Task requirements: The listing below must be repeated word for word, with its images excluded.
::::::::::
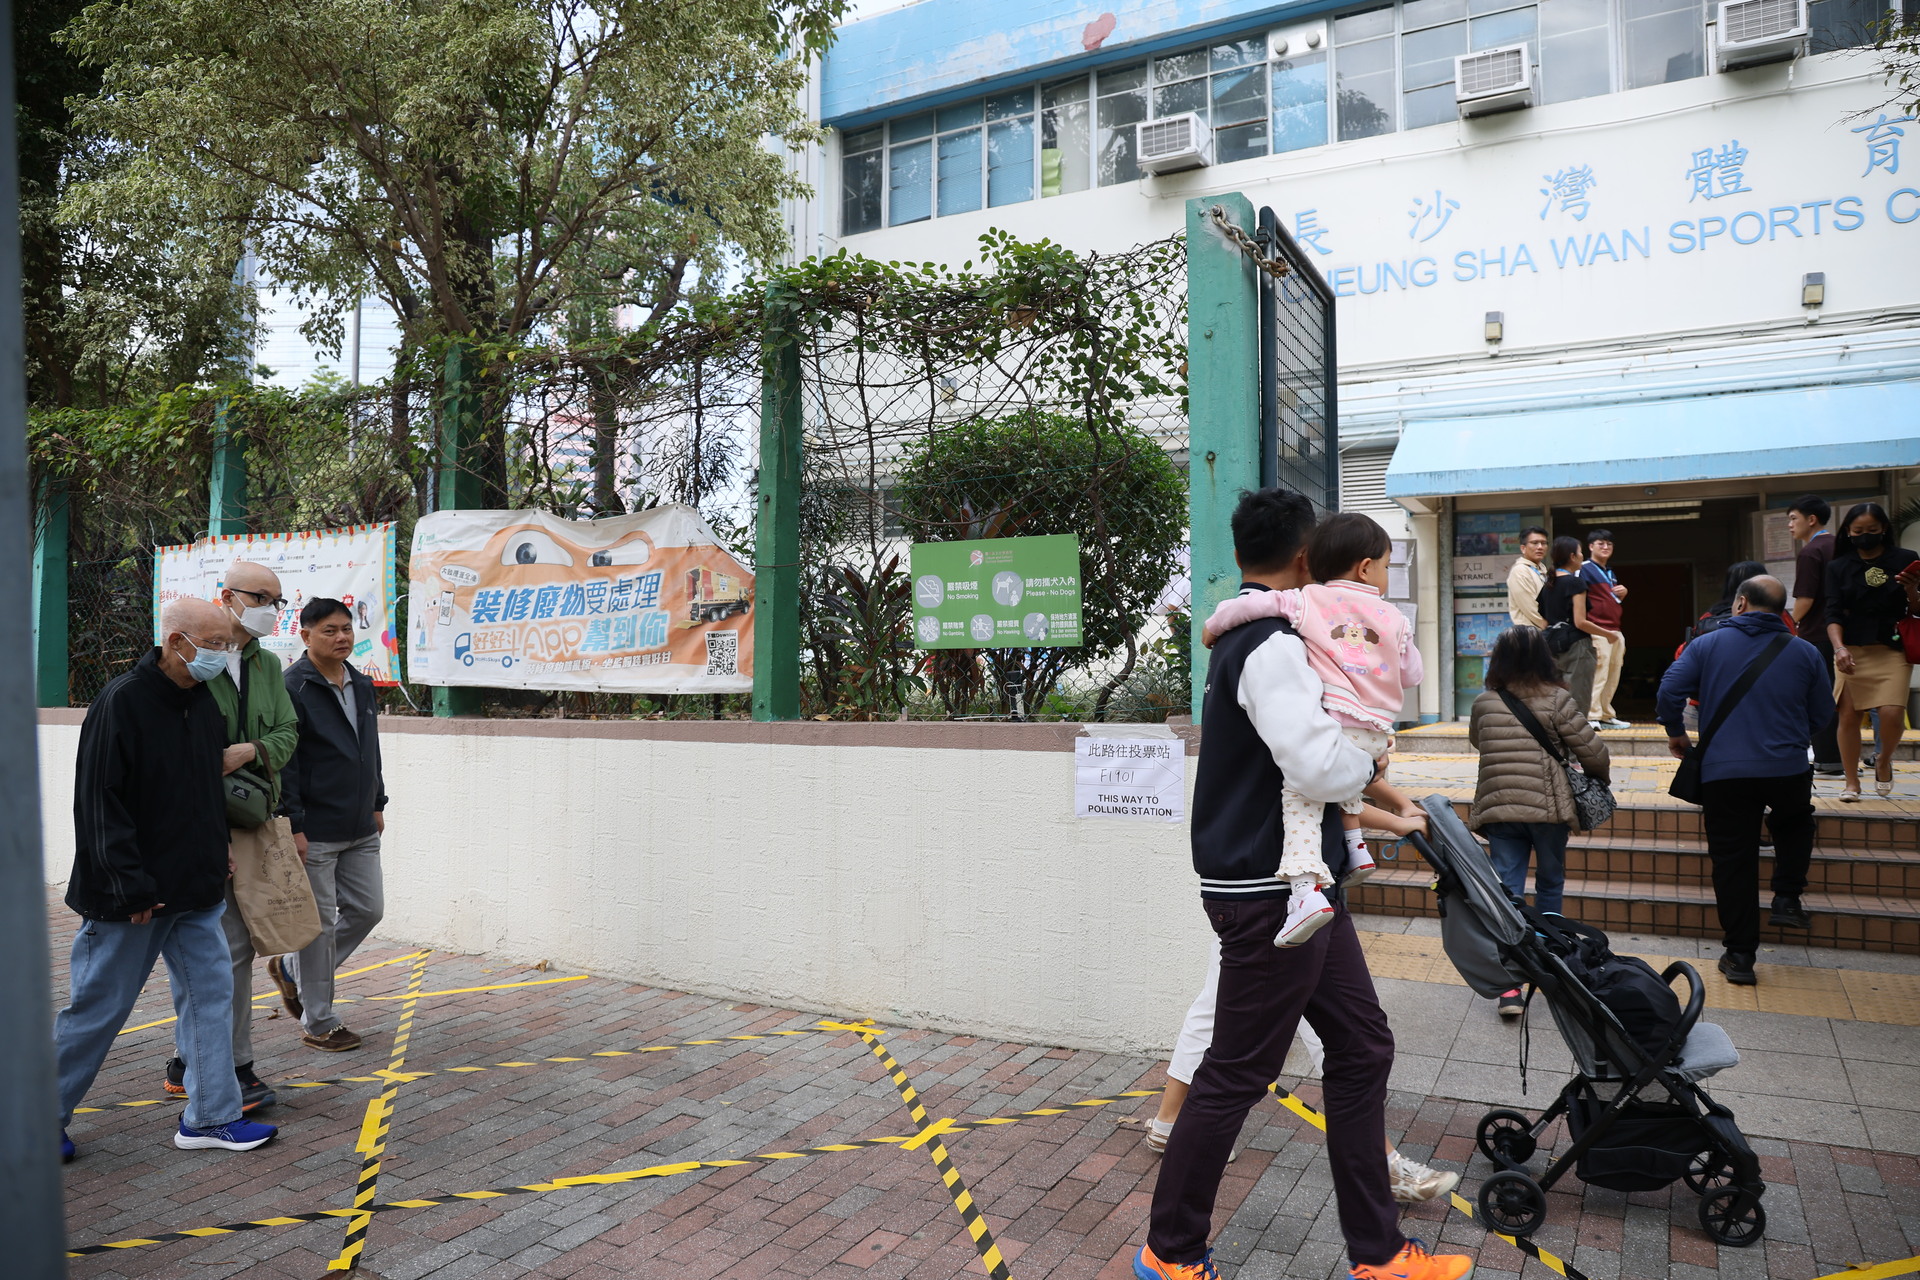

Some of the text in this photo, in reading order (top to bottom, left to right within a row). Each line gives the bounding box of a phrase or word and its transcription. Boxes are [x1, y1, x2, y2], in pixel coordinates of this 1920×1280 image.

[1454, 244, 1537, 280] SHA
[1550, 227, 1650, 268] WAN
[1668, 196, 1866, 254] SPORTS
[1464, 562, 1483, 572] 入口
[1453, 572, 1494, 582] ENTRANCE
[472, 572, 662, 624] 裝修廢物要處理
[956, 593, 979, 601] Smoking
[1060, 588, 1076, 597] Dogs
[522, 624, 583, 660] App
[1088, 743, 1170, 760] 此路往投票站
[1098, 794, 1159, 805] THIS WAY TO
[1088, 804, 1172, 817] POLLING STATION
::::::::::
Solution for this exercise:
Some of the text in this photo, in reading order (top to bottom, left to right within a row). Each line gives the bounding box of a phrase or word and its transcription. Boxes are [x1, y1, x2, y2], in pixel coordinates of this 1920×1280 image.

[1454, 244, 1537, 280] SHA
[1550, 227, 1650, 268] WAN
[1668, 196, 1866, 254] SPORTS
[1464, 562, 1483, 572] 入口
[1453, 572, 1494, 582] ENTRANCE
[472, 572, 662, 624] 裝修廢物要處理
[956, 593, 979, 601] Smoking
[1060, 588, 1076, 597] Dogs
[522, 624, 583, 660] App
[1088, 743, 1170, 760] 此路往投票站
[1098, 794, 1159, 805] THIS WAY TO
[1088, 804, 1172, 817] POLLING STATION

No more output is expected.